# EXERCISE AIM
Leaving out all images, return the entries below exactly.

# Phrase grounding data
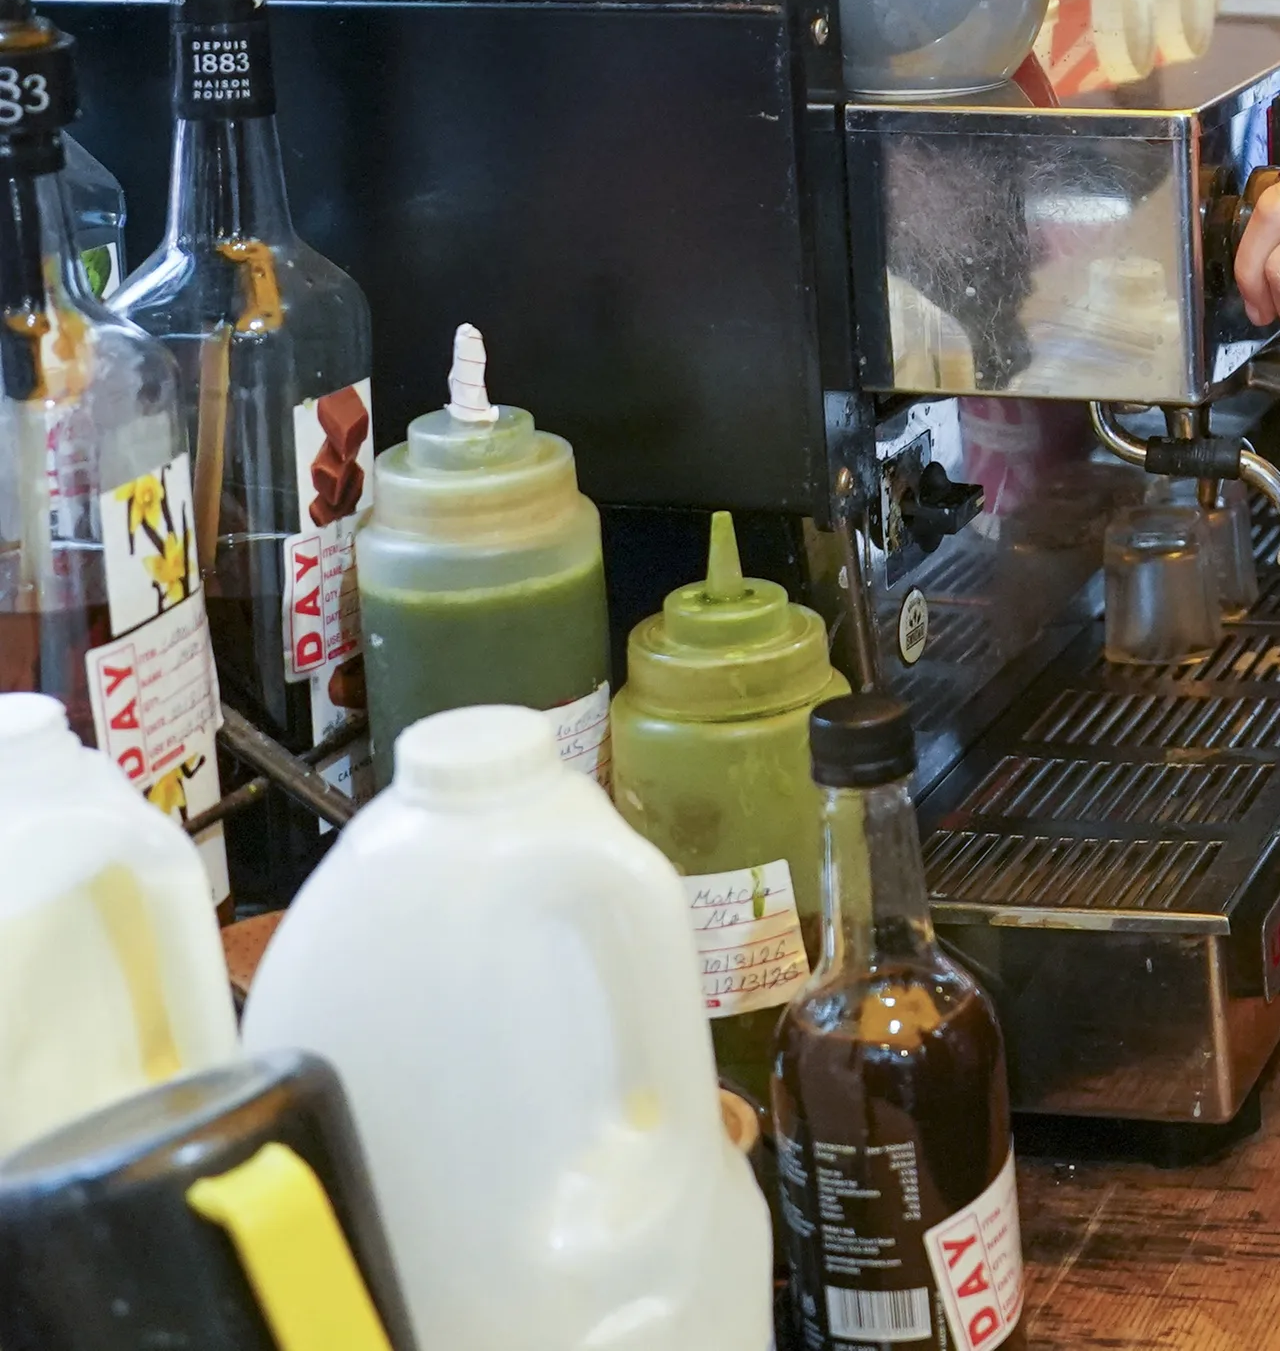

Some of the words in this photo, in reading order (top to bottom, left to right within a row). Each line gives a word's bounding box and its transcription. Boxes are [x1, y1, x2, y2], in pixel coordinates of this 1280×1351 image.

[192, 40, 248, 51] DEPUIS
[193, 52, 250, 74] 1883
[193, 78, 250, 89] MAISON
[193, 89, 251, 100] ROUTIN
[294, 552, 323, 668] DAY
[942, 1234, 999, 1347] DAY
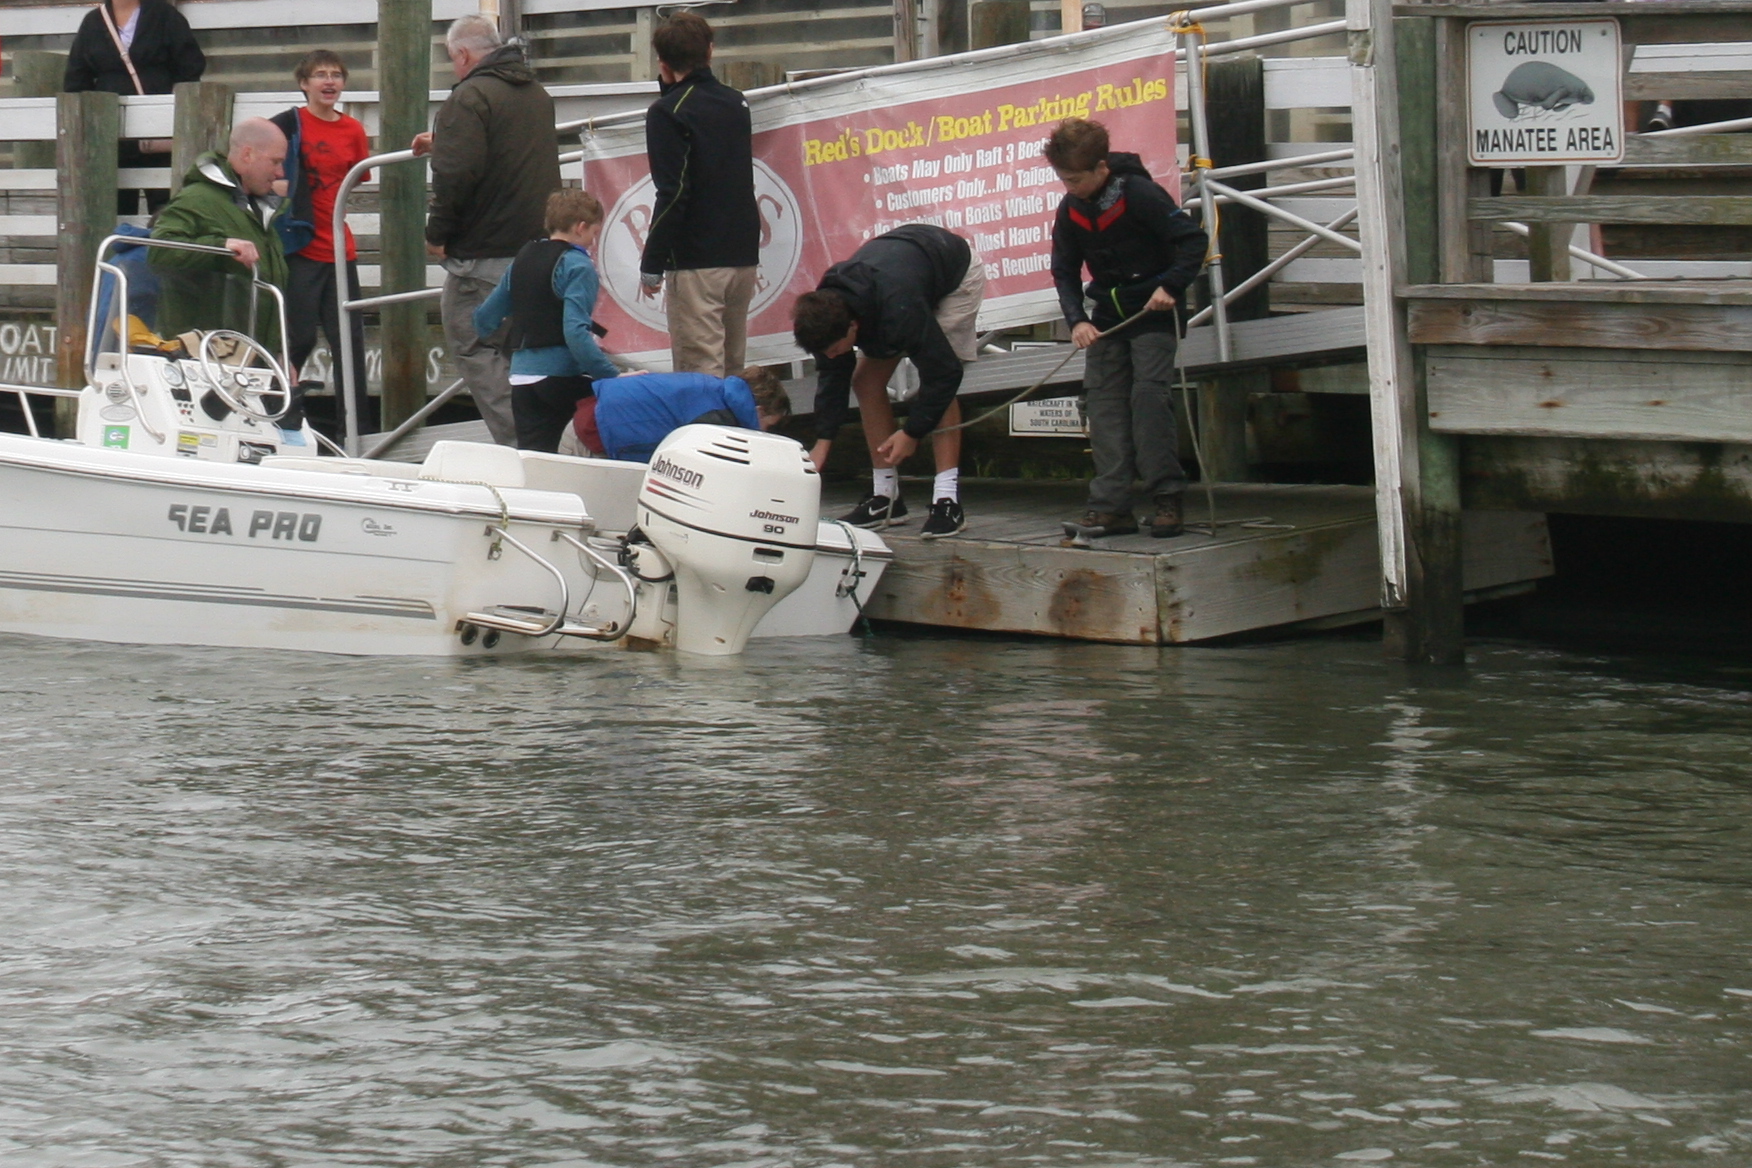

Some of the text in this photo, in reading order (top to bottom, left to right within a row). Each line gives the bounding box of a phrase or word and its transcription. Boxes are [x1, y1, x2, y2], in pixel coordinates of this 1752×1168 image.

[1504, 29, 1582, 55] CAUTION
[803, 128, 861, 166] Red's
[997, 91, 1093, 132] Parking
[1095, 77, 1167, 112] Rules
[1476, 127, 1615, 153] MANATEE AREA
[873, 137, 1052, 186] Boats May Only Raft 3 Boat
[886, 185, 953, 211] Customers
[947, 209, 962, 229] On
[965, 203, 1002, 224] Boats
[1005, 195, 1043, 218] While
[973, 230, 1006, 252] Must
[1008, 226, 1040, 247] Have
[1001, 252, 1052, 277] Require
[1029, 418, 1049, 427] SOUTH
[651, 454, 705, 488] Johnson
[168, 503, 322, 542] SEA PRO
[749, 509, 799, 524] Johnson
[763, 524, 784, 534] 90
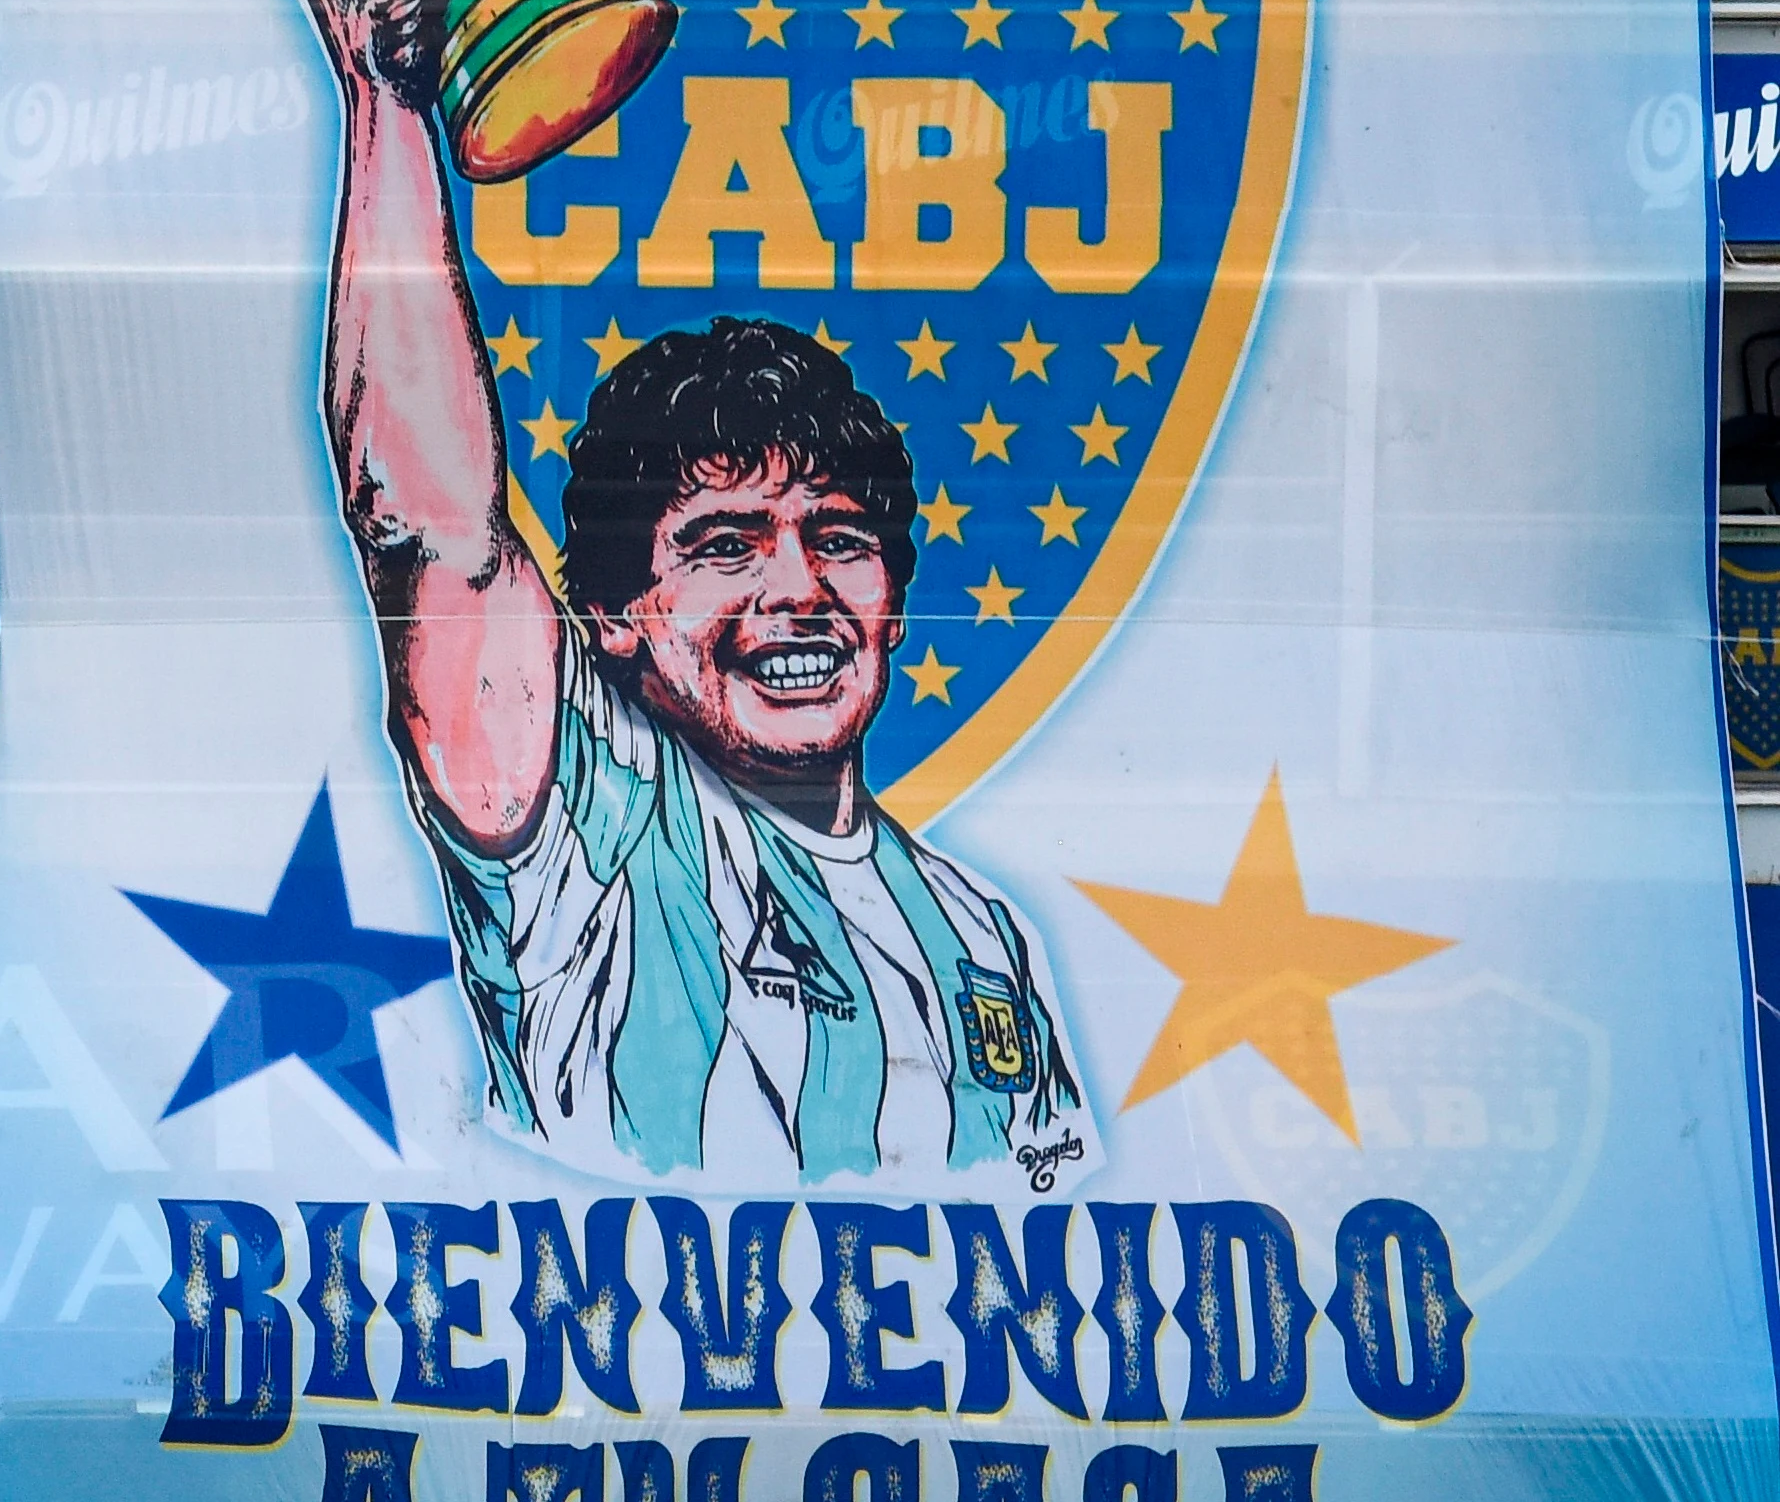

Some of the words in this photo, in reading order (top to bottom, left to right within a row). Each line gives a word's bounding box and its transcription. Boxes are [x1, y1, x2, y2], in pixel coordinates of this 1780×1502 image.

# WORKED SOLUTION
Some of the words in this photo, in reading order (top to bottom, left to right within a row). Each line gives a word's bounding box and its transcription. Boxes are [x1, y1, x2, y2], in pixel coordinates of this 1280×1351 image.

[192, 40, 248, 51] DEPUIS
[193, 52, 250, 74] 1883
[193, 78, 250, 89] MAISON
[193, 89, 251, 100] ROUTIN
[294, 552, 323, 668] DAY
[942, 1234, 999, 1347] DAY

Some of the text in this photo, in reading order (top to bottom, left to right within a row). Each line gives the bounding box of a phrase or word and its transcription. Boxes are [x1, y1, x2, y2], in pixel coordinates of this 1752×1168 image.

[1504, 29, 1582, 55] CAUTION
[803, 128, 861, 166] Red's
[997, 91, 1093, 132] Parking
[1095, 77, 1167, 112] Rules
[1476, 127, 1615, 153] MANATEE AREA
[873, 137, 1052, 186] Boats May Only Raft 3 Boat
[886, 185, 953, 211] Customers
[947, 209, 962, 229] On
[965, 203, 1002, 224] Boats
[1005, 195, 1043, 218] While
[973, 230, 1006, 252] Must
[1008, 226, 1040, 247] Have
[1001, 252, 1052, 277] Require
[1029, 418, 1049, 427] SOUTH
[651, 454, 705, 488] Johnson
[168, 503, 322, 542] SEA PRO
[749, 509, 799, 524] Johnson
[763, 524, 784, 534] 90

Some of the words in this photo, in reading order (top to bottom, left to right within a row). Each line gives a word's bounding box and its transcription. Boxes are [x1, y1, x2, y2], in pixel coordinates of this 1780×1502 image.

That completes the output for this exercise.